Wednesday, September 03, 2008

Couple of shorts..

:: Here's some of the speeches from the Convention last week. [via NPR]

:: Found this piece about the athletes behind the salute in 1968 quite interesting; I am keen to see the film Salute, which was released recently. [via NYT]

:: A review of Sunday mornings, Staying home -how American evangelicals are quitting churches...
She reports, among other things: a lack of a feeling of community among church members, inducing loneliness and boredom; church teaching that fails to go beyond the basics of the faith or to reach members grappling with suffering or unanswered prayer; pastors who are either out of touch with their parishioners or themselves unhappy, or who fail to shepherd their flocks, or who are caught up in scandal, or who try to control the lives of church members in a high-handed way.

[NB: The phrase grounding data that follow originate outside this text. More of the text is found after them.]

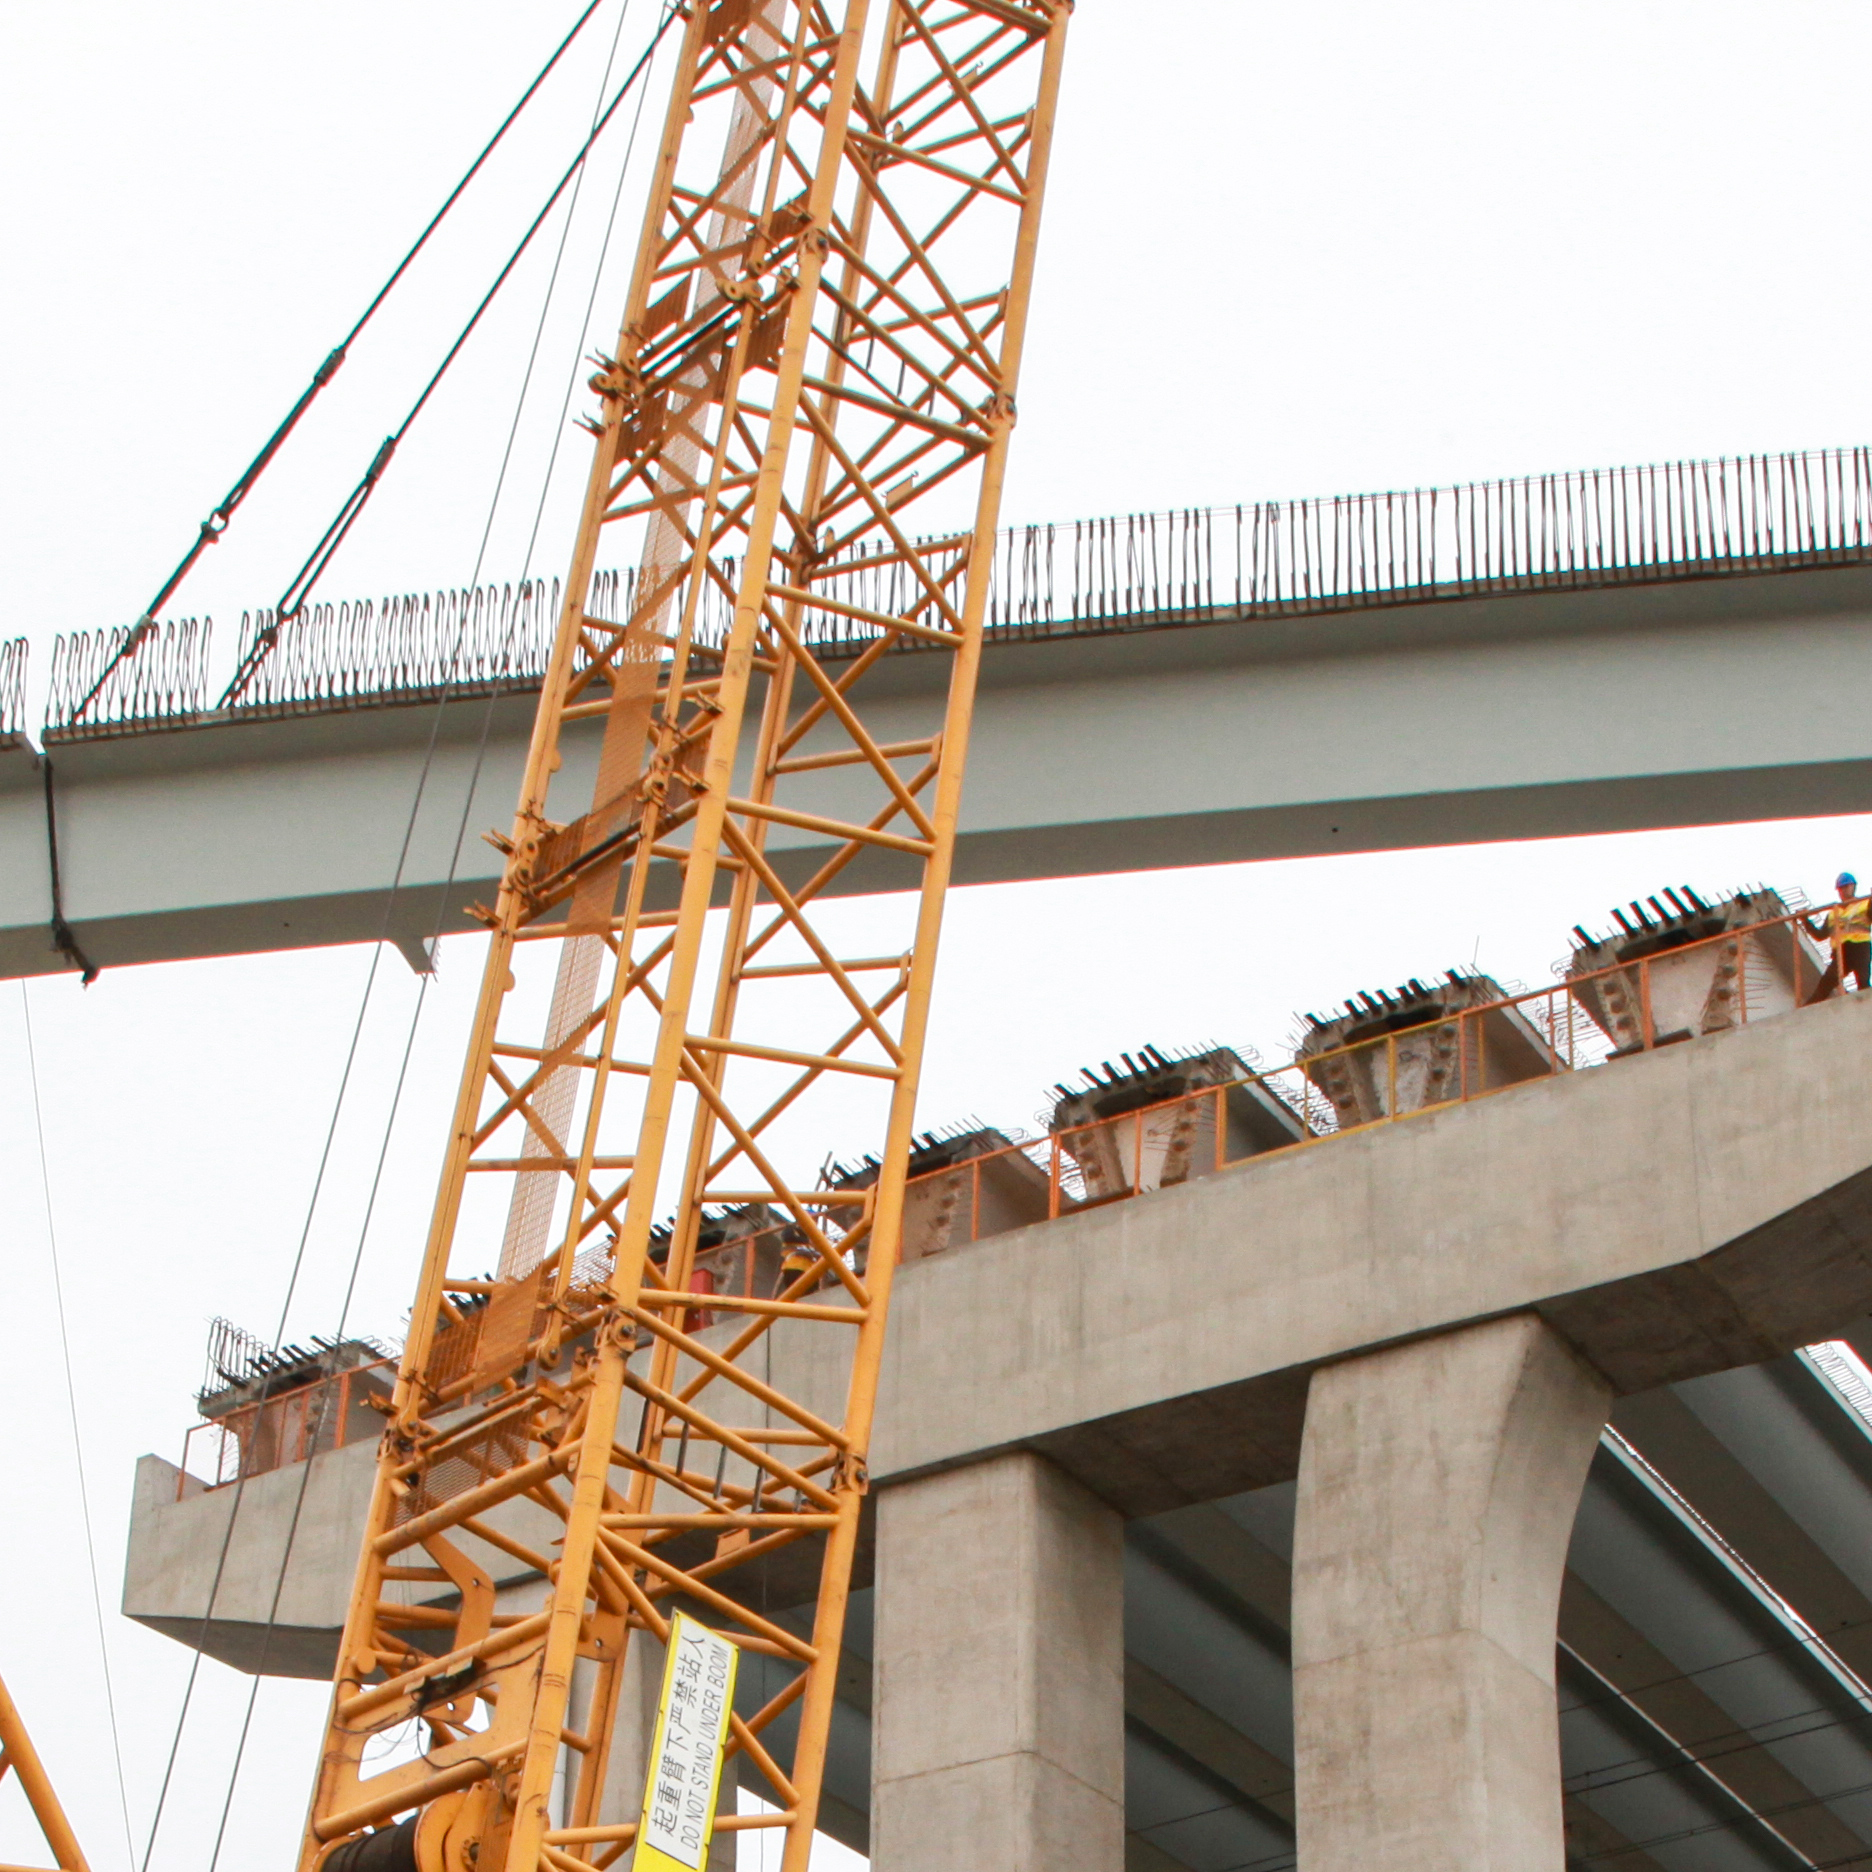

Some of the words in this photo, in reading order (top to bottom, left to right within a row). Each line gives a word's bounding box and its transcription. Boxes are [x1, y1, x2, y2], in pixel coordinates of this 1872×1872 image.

[712, 1643, 728, 1689] BOOM
[651, 1636, 706, 1836] 起重臂下严禁站人
[699, 1691, 722, 1743] UNDER
[692, 1745, 714, 1790] STAND
[685, 1790, 706, 1823] NOT
[681, 1826, 701, 1850] DO

She claims that many churches have "inefficient leadership models" and that many, preoccupied with the care of families, neglect single people. [via Wall Street Journal]
I also thought this quote, made a great point -- should we really be concerned with numbers anyway?
From a theological perspective, there is no guarantee that churches will prosper as they attempt to make disciples -- if we judge prosperity by church membership alone. A church might conscientiously carry out its biblical tasks and yet, by measures of popularity, do poorly in this world. Such a church would not be doing right if it adjusted its mission for the sake of higher attendance records. Note that by the end of his ministry the number of disciples with Jesus was down to 12. Now there was a decent church, one might say, if a small one.
:: An interesting piece on young American evangelicals and purity. [via The Chicago Tribune]

:: There's a the "gene's made me do it" excuse for everything... "a genetic variation may be responsible for weakening some men's ability to be monogamous" via NPR.


  1. Anonymous7:34 pm

    Of course, the "gene made me do it" explanation sits quite comfortably with a fallen creation and original sin.

  2. Yeah, i can't say I was surprised to read that ... it is the logical extension of the "its not my fault" argument - first mentioned by Adam in "My Recollections from Eden", perhaps.